Boost comes on back of solid boost to first half revenues
Integrated transport, logistics and rural supply company Lindsay Australia has seen its net profit after tax (NPAT) of $5.8 million, up 7.2 per cent over the prior corresponding period (PCP).
And the good news is expected to continue, with earnings before interest, tax, depreciation and amortisation (EBITDA) expected to be 10 per cent up for the year.
Revenues across the group grew 6.3 per cent to $216 million, “as strategic diversification mitigated softer road freight volumes in some regions”, the company says.
Despite that, Lindsay Transport revenue grew 7.1 per cent, “driven by expansion into refrigerated rail containers along with growth from capital cities”, while Lindsay Rural revenue grew 5 per cent.
The group saw continued investment in high demand locations, fleet and technology upgrades, with capital expenditure of $16.8 million, including more than $5 million invested in additional refrigerated rail capacity and associated equipment.
Construction at Sydney’s distribution hub progressed, with completion expected in early March.
The purpose-built facility will feature increased cold storage capacity, workshop, bulk fuel facilities and driver accommodation.
Transport freight revenue for the half year grew $10.1 million, up 7.1 per cent on the PCP.
Produce freight volumes were negatively impacted in some regions due to adverse weather and seasonality but these reductions were offset by growth across capital cities and additional revenue from expansion into refrigerated rail.
The recent bushfires did not have a material impact on the division, however, additional costs were incurred due to the re-routing of some journeys.
Transport made a divisional contribution in of $17 million, an increase of 5.5 per cent on PCP.
Read how Lindsay Australia performed in the last financial year, here
“We are pleased to announce a strong set of results for the six months to 31 December 2019, we have once again demonstrated our ability to mitigate weather and seasonality through the diversification of our product and location offering Lindsay Australia CEO Kim Lindsay says.
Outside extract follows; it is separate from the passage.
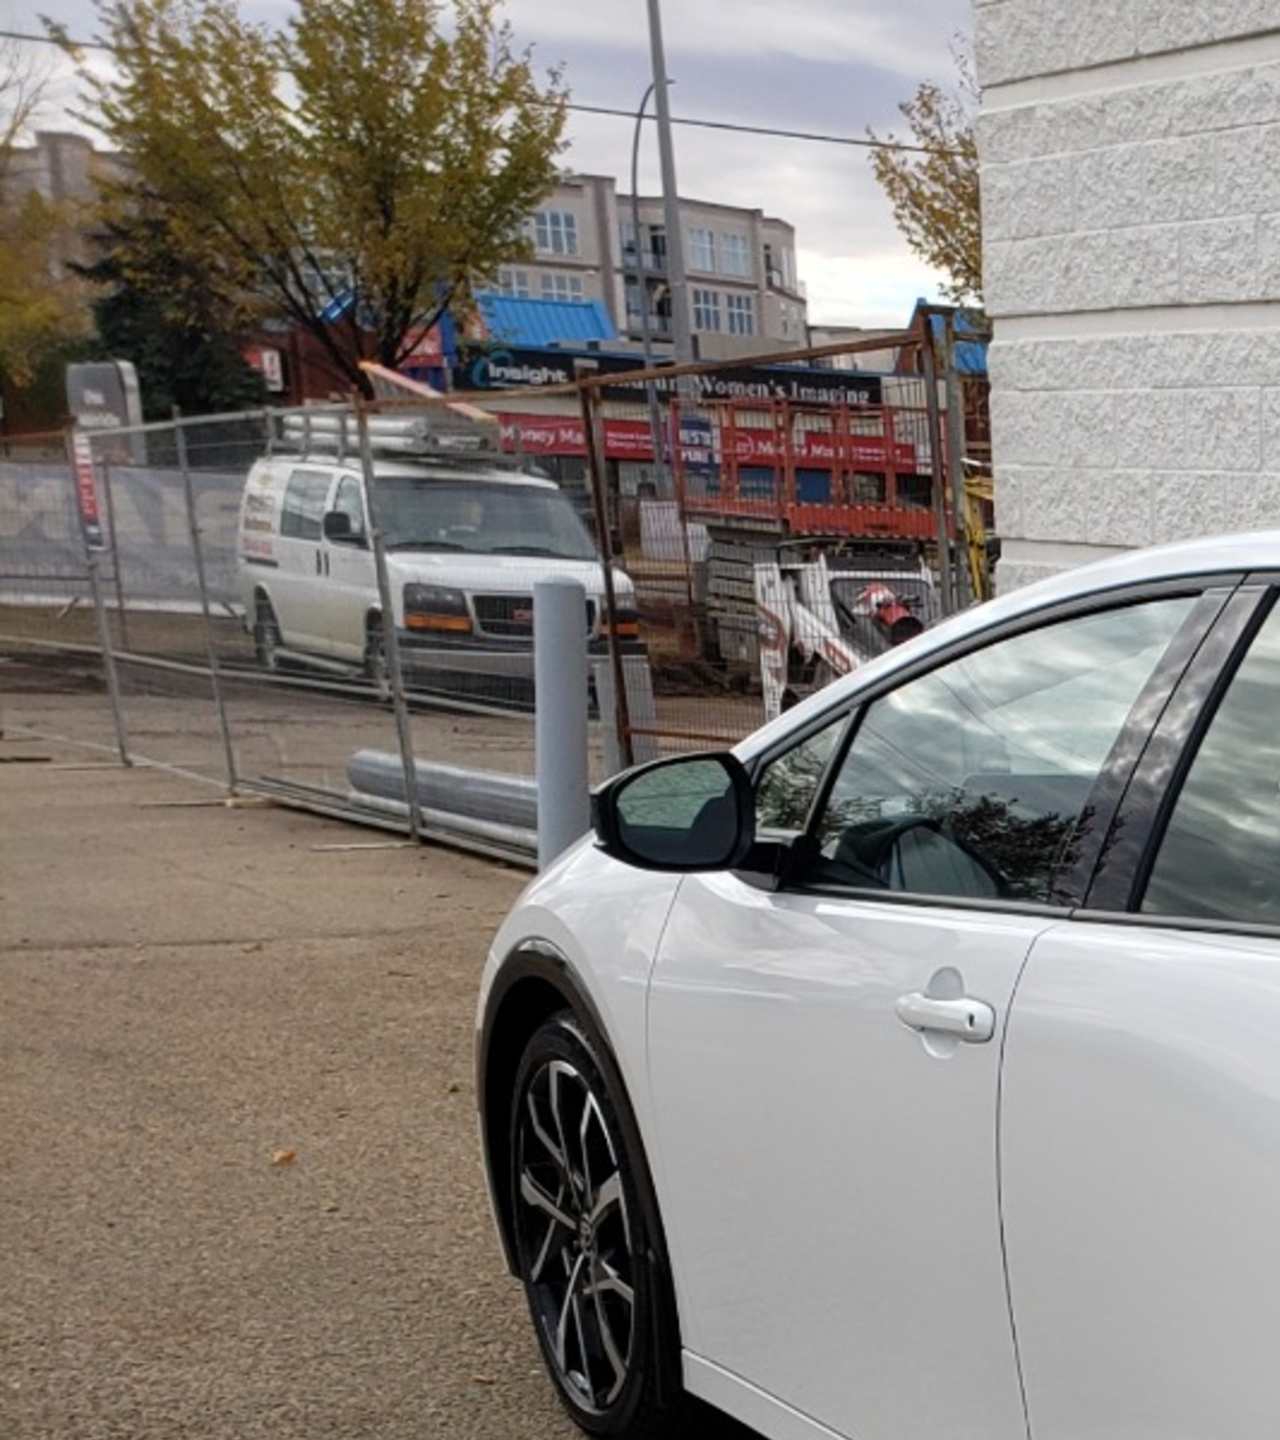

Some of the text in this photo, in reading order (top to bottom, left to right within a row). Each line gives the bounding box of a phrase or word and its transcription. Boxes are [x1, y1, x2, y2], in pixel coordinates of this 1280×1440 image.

[488, 362, 569, 385] Insight
[694, 374, 786, 400] Women's
[792, 381, 870, 406] Imaging
“We have also seen the benefit of our Rural division’s strategic review which resulted in substantial profit growth for the division as overheads were reduced and resources were reallocated to drive revenue in the high growth regions and branches.”
“Our expansion into refrigerated rail continues to drive both revenue and bottom line contribution for the transport division while providing freight solution optionality to our customers.
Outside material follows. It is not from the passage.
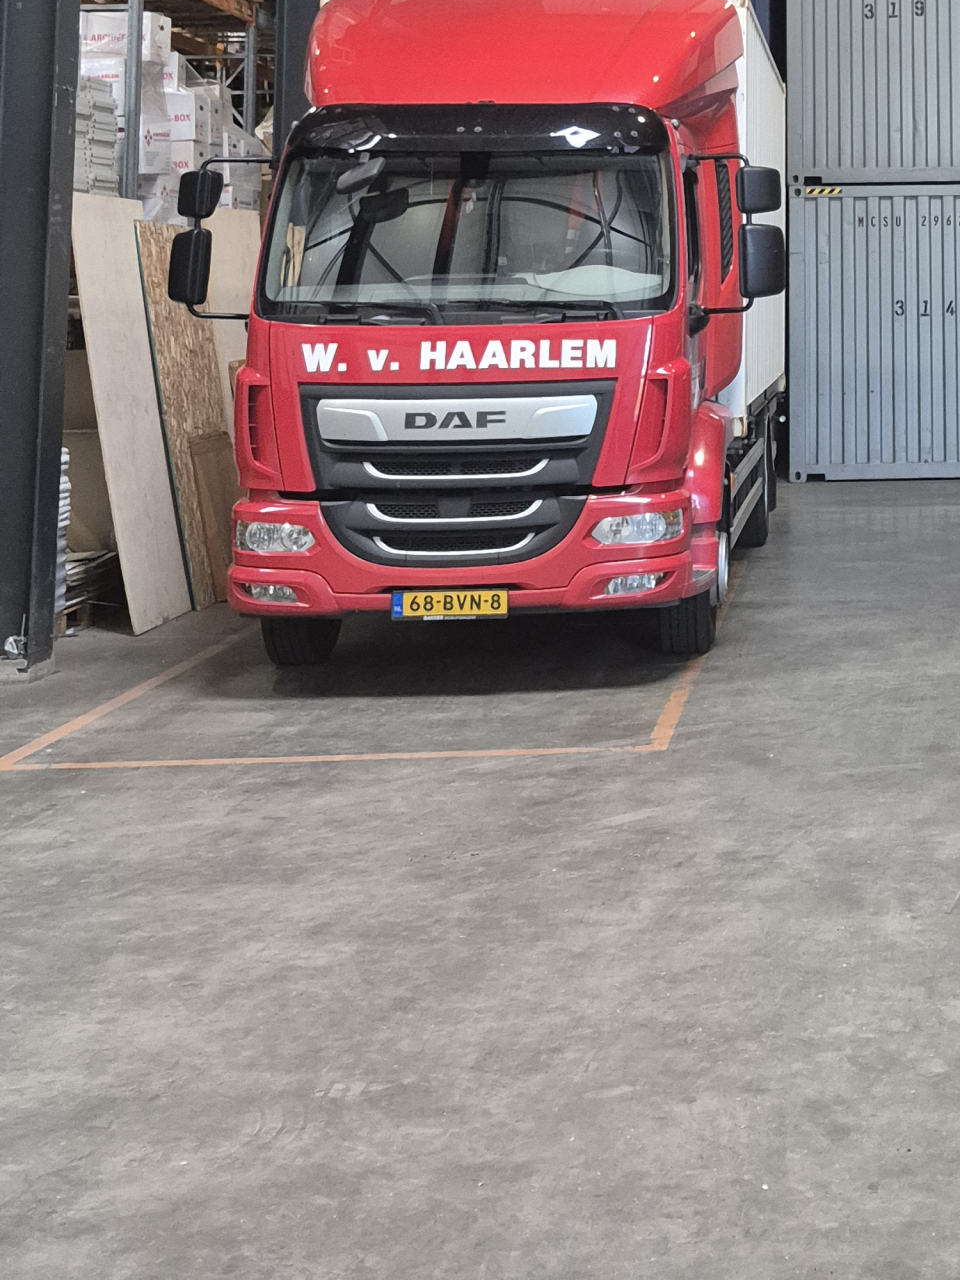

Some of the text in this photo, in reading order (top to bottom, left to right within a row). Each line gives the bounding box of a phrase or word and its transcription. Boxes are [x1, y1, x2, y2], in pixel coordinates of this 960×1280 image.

“Recognised as one of the most environmentally friendly forms of passage, rail provides the additional benefit of a reduced carbon footprint, supporting our commitment to building a sustainable and responsible business model for our customers, our people and all stakeholders.
“Recent rain in some of the Group’s key horticulture areas located in Queensland and New South Wales was well received.
“Although more rain is needed in some of these regions, we remain confident that our diversified model and strategic initiatives will deliver another year of growth for our shareholders.
“Subject to no unforeseen events we expect underlying EBITDA growth of around 10% for the full year.”